Quote the listing below in full and exactly as written, but omit every picture.

Start of Stored data

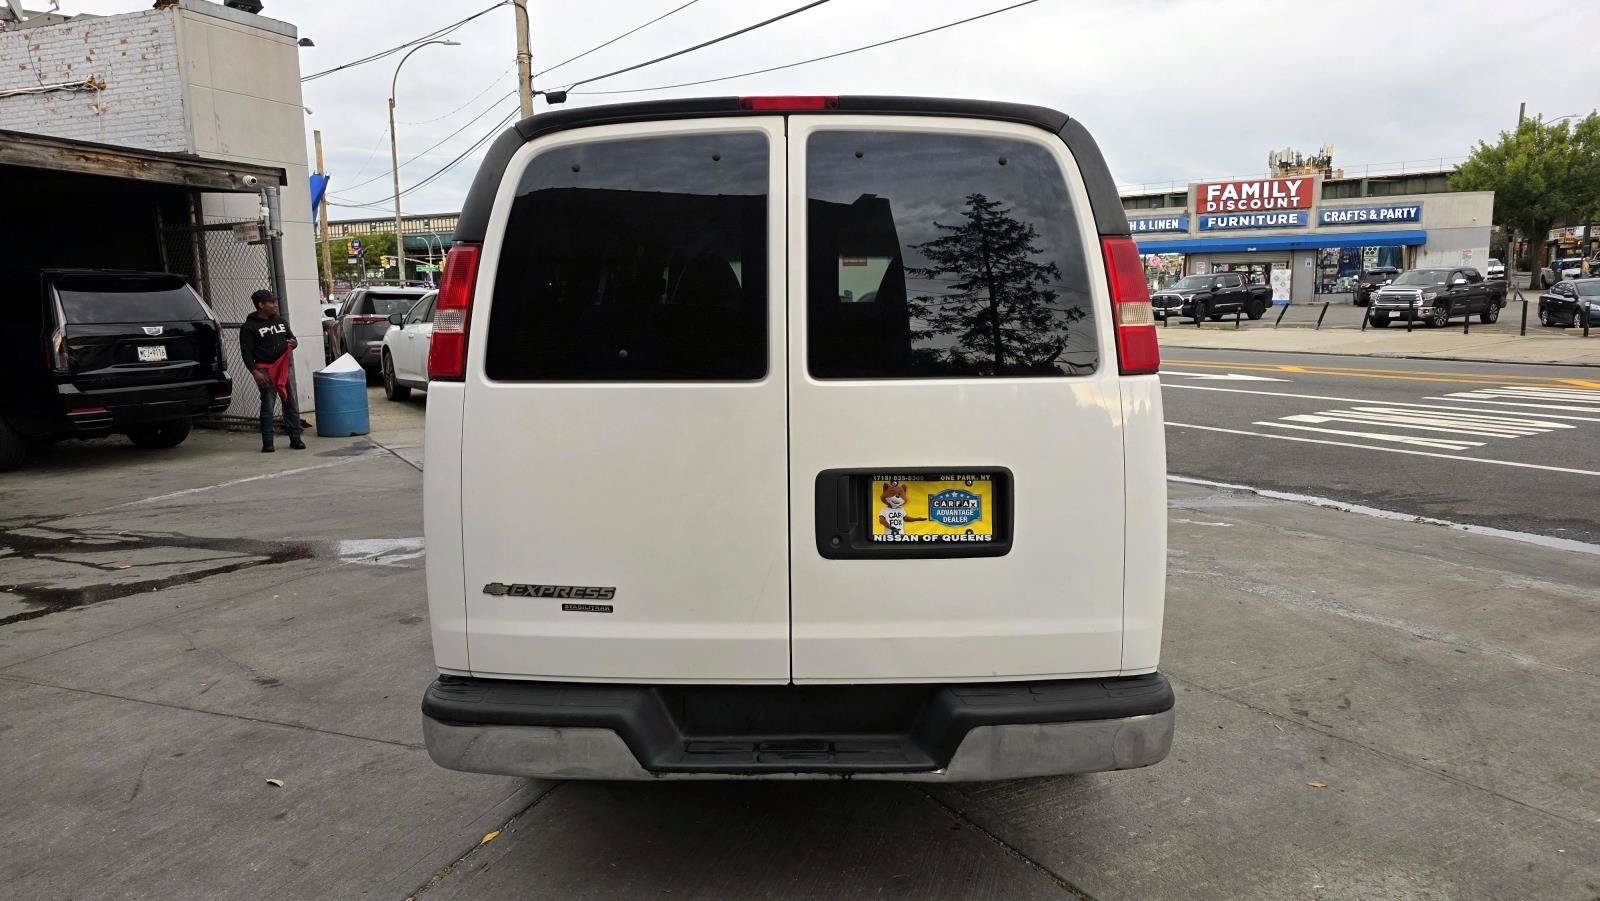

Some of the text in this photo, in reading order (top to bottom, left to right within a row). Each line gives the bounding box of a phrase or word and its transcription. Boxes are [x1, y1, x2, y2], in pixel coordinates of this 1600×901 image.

[1207, 179, 1303, 201] FAMILY
[1207, 196, 1300, 212] DISCOUNT
[1207, 213, 1298, 228] FURNITURE
[1324, 207, 1417, 222] CRAFTS & PARTY
[1139, 220, 1146, 230] &
[1148, 218, 1179, 230] LINEN
[258, 323, 286, 338] PYLE
[933, 499, 977, 508] CARFAX
[936, 508, 974, 516] ADVANTAGE
[874, 534, 992, 542] NISSAN OF QUEENS
[510, 584, 615, 599] EXPRESS
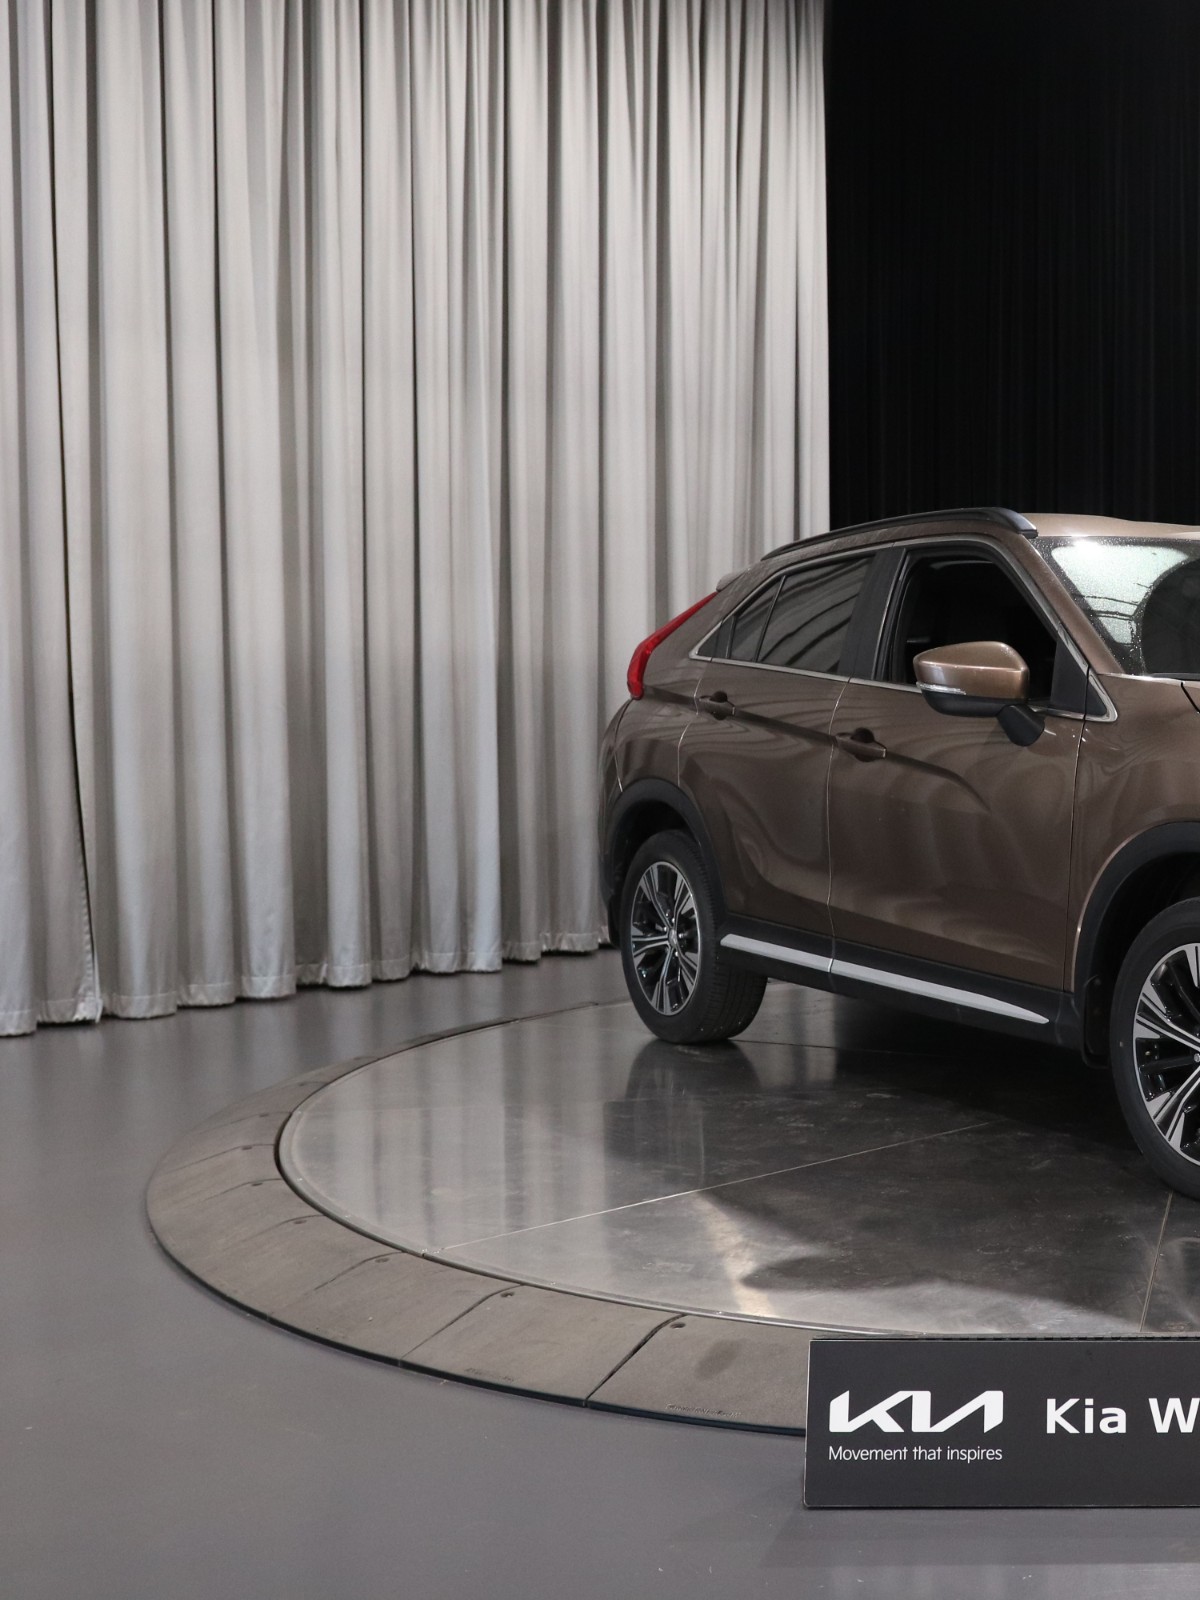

End of Stored data

● **Result of the task**:
Some of the text in this photo, in reading order (top to bottom, left to right within a row). Each line gives the bounding box of a phrase or word and its transcription. Boxes are [x1, y1, x2, y2], in pixel coordinates of this 1600×901 image.

[1207, 179, 1303, 201] FAMILY
[1207, 196, 1300, 212] DISCOUNT
[1207, 213, 1298, 228] FURNITURE
[1324, 207, 1417, 222] CRAFTS & PARTY
[1139, 220, 1146, 230] &
[1148, 218, 1179, 230] LINEN
[258, 323, 286, 338] PYLE
[933, 499, 977, 508] CARFAX
[936, 508, 974, 516] ADVANTAGE
[874, 534, 992, 542] NISSAN OF QUEENS
[510, 584, 615, 599] EXPRESS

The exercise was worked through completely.